## Work task
Output every record word for word, minus the pictures.

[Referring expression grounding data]
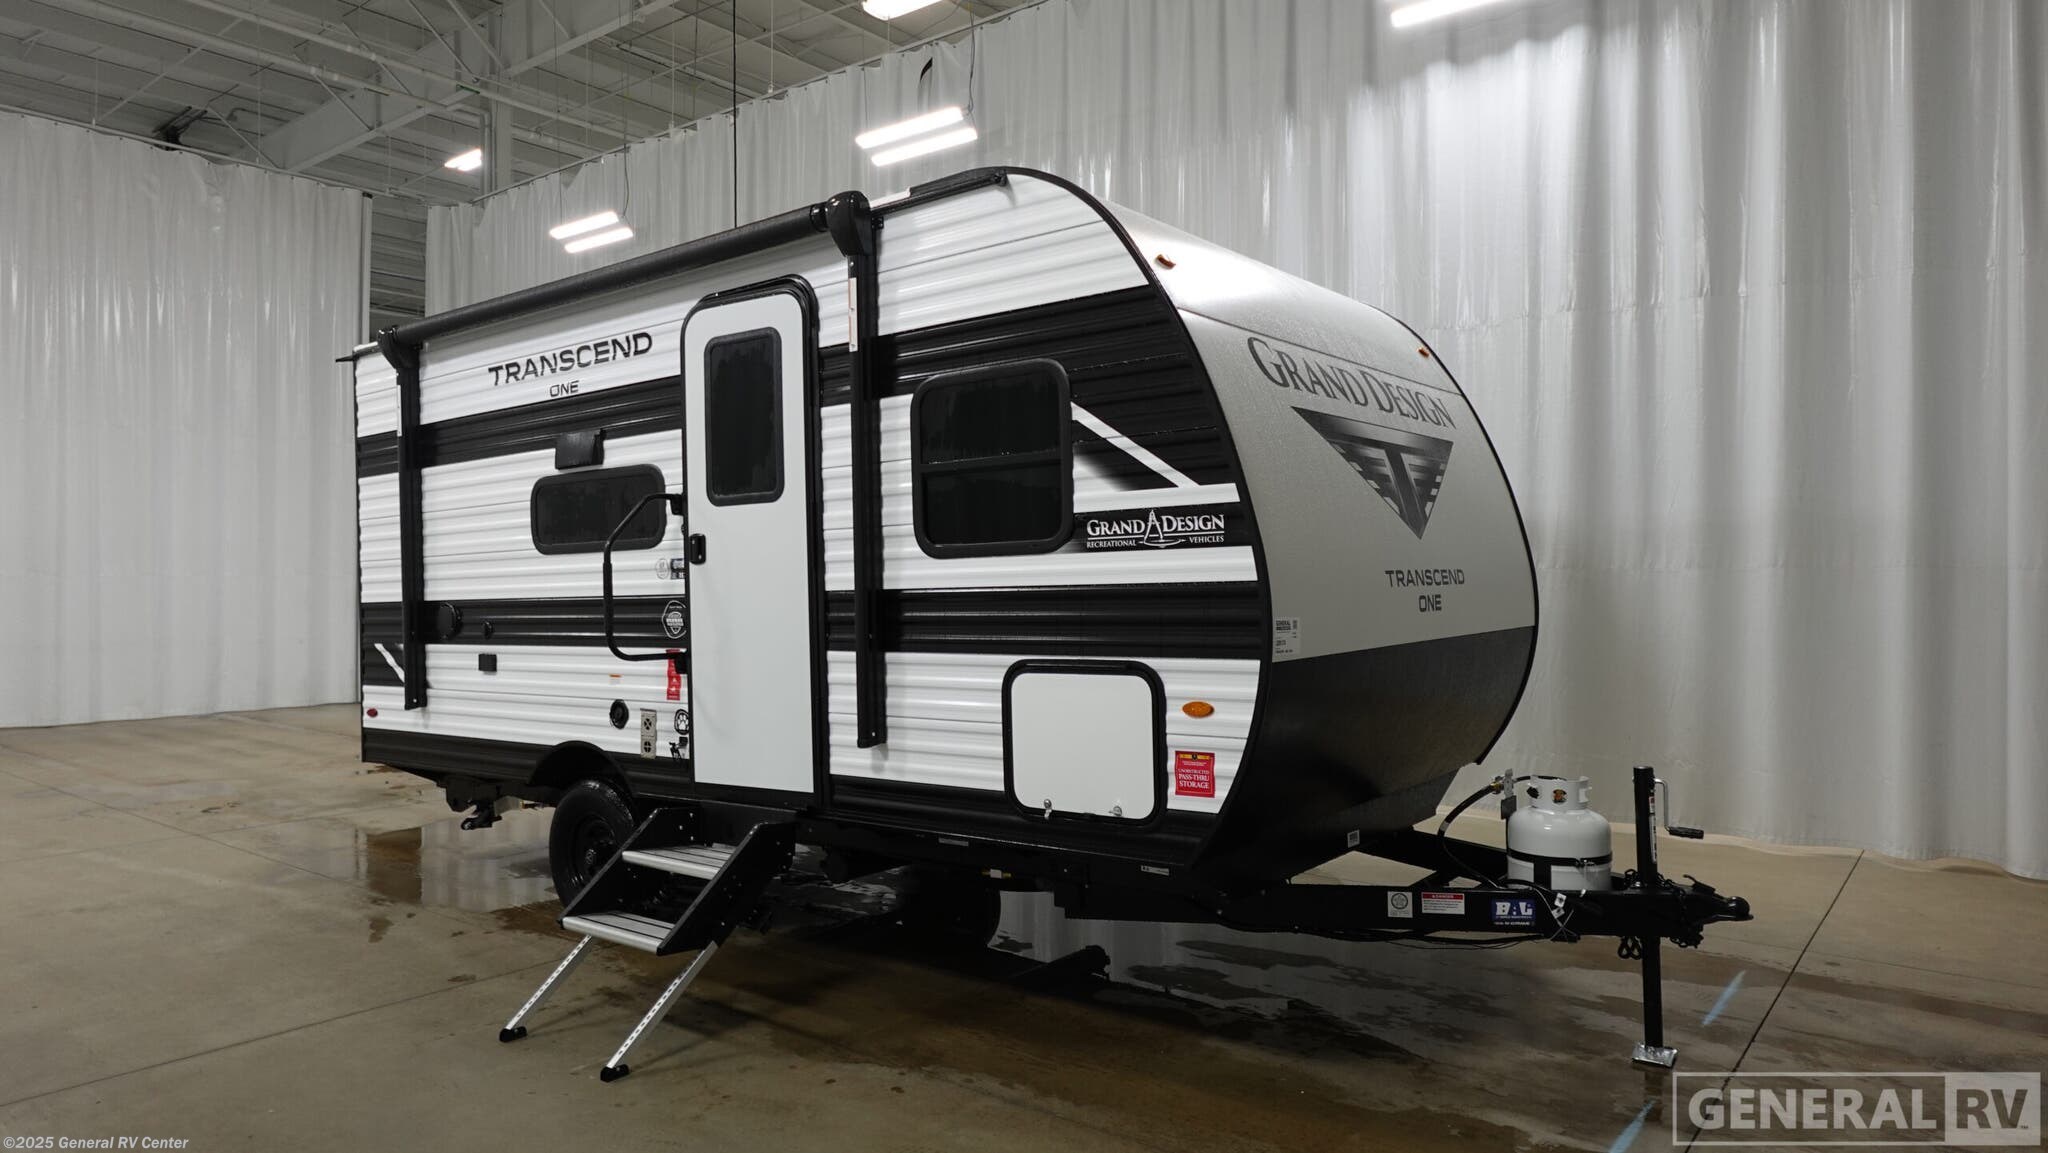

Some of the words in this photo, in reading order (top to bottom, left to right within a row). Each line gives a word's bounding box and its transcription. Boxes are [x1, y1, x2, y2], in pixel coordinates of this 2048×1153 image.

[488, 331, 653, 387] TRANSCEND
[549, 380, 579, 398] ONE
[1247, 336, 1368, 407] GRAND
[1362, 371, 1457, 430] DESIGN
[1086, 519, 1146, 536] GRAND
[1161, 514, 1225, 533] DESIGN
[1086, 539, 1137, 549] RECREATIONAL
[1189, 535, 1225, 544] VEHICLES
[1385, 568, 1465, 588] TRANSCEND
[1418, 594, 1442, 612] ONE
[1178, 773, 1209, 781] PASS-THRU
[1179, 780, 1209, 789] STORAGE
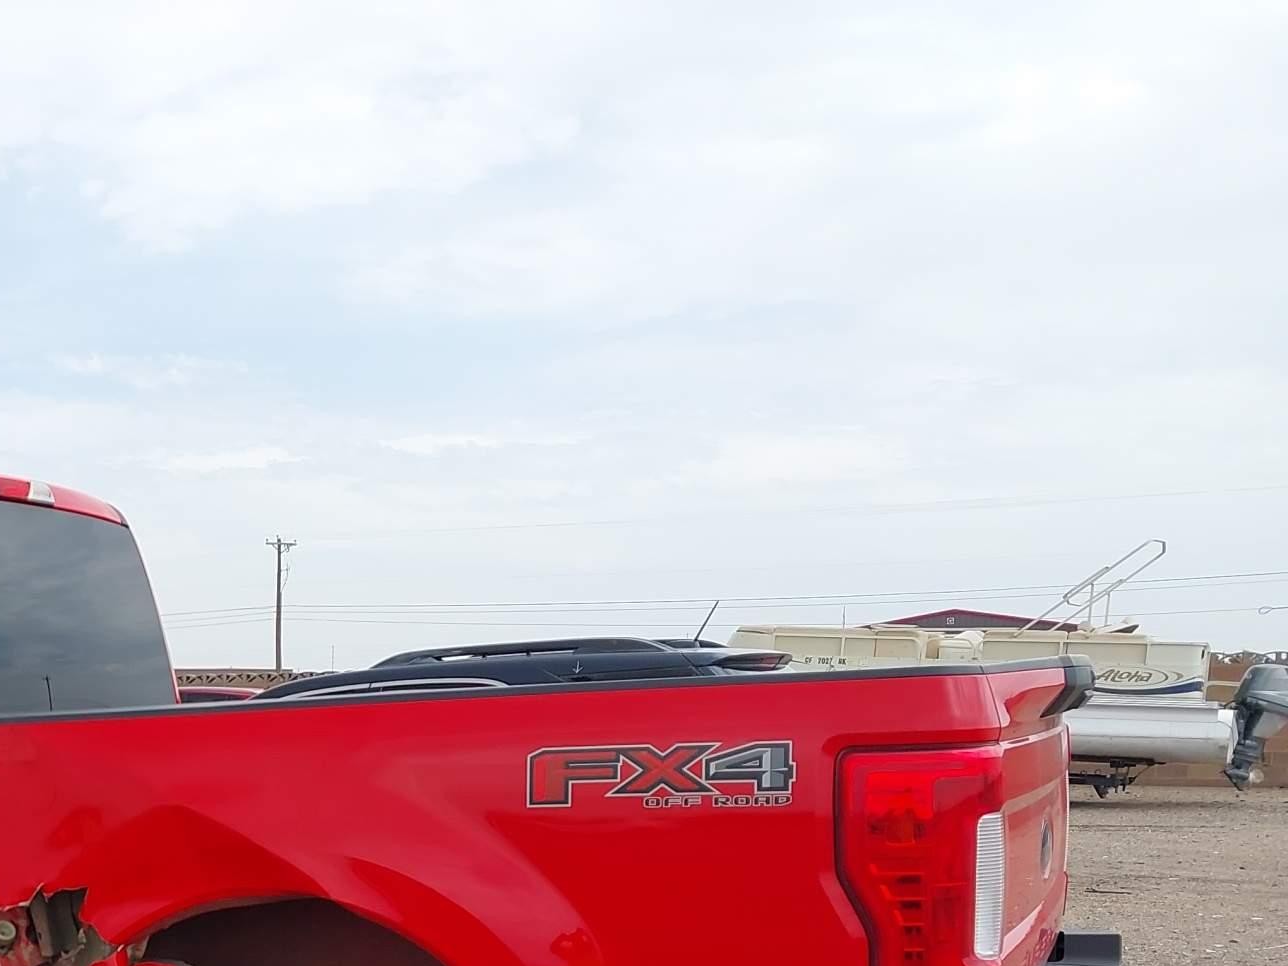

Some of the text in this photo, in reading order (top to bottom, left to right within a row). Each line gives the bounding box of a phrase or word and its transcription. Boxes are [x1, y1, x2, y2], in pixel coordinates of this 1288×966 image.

## Exercise output
Some of the words in this photo, in reading order (top to bottom, left to right within a row). Each line gives a word's bounding box and its transcription. Boxes are [x1, y1, x2, y2], in pixel coordinates of this 2048×1153 image.

[488, 331, 653, 387] TRANSCEND
[549, 380, 579, 398] ONE
[1247, 336, 1368, 407] GRAND
[1362, 371, 1457, 430] DESIGN
[1086, 519, 1146, 536] GRAND
[1161, 514, 1225, 533] DESIGN
[1086, 539, 1137, 549] RECREATIONAL
[1189, 535, 1225, 544] VEHICLES
[1385, 568, 1465, 588] TRANSCEND
[1418, 594, 1442, 612] ONE
[1178, 773, 1209, 781] PASS-THRU
[1179, 780, 1209, 789] STORAGE

Some of the text in this photo, in reading order (top to bottom, left to right within a row). Each line gives the bounding box of a phrase or word and its transcription. Boxes are [x1, y1, x2, y2], in pixel coordinates of this 1288×966 image.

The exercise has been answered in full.